Motorcycle glamor shot.
That suspicious orange looking light is caused by the near by forest fire.

Minh in front of Liebre Gulch.  Doesn't look like much of a road left.

Here is another version of "Ham on the street" or is that Eugene trying to pickup chicks?
If he's trying to pickup chicks, he's definitely not going to have any success here.
Somebody needs to inform him about when/where it's appropriate to do those things.

From here it's a quick hop to the 138 (Lancaster road).  Approximately 3 miles.  We passed two motor cross folks are we make our way out on Ridge Route road.  As with other areas so far this entire day, the scenery is spectacular.

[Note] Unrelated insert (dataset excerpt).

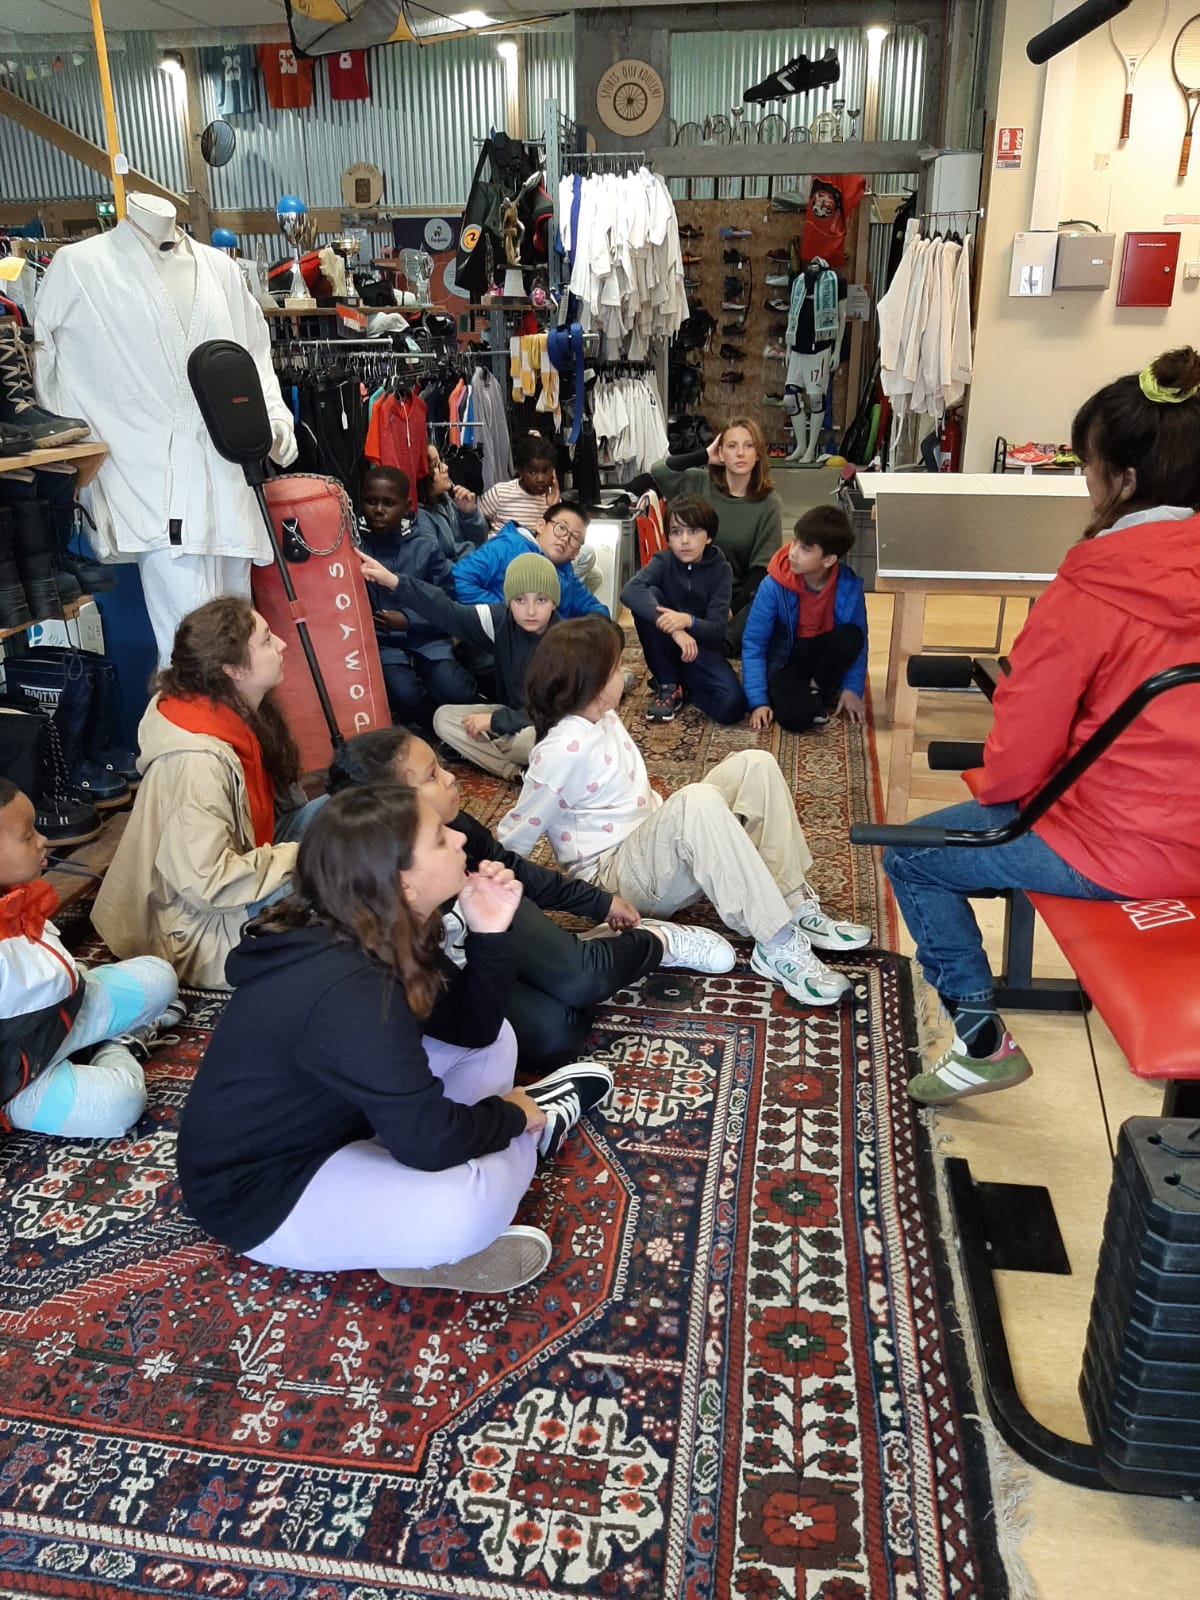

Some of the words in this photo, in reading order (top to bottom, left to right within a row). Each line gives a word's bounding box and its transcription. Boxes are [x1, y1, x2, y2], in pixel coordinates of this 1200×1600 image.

[600, 72, 620, 99] SPORTS
[622, 65, 637, 79] QUI
[638, 67, 662, 98] ROULENT
[810, 369, 820, 382] 17

Can you see me in the pic?

Once we got to the end of Ridge Route road, or beginning of it depending on your perspective, I started having navigation problems.  No, I know my bearings, it's the TomTom that got confused.  For some strange reason, the TomTom pointed me in the direction of Lancaster instead of Gorman.  It was odd.  I sat there for a little while playing with the TomTom trying to knock some sense into it while Minh was gesturing to me, in more than one form, that we should be turning left instead of right.  At last, as a desperate measure, I canceled the current route and make the TomTom re-plot it source.  Alakazam, fixed.  Now the TomTom is telling me to turn left instead of right.  Weird.  It's possible that with so many way point assign to the nav system and the amount of times I've turn the unit on and off, that the unit got a bit confused.  Any which way, we're now heading in the right direction.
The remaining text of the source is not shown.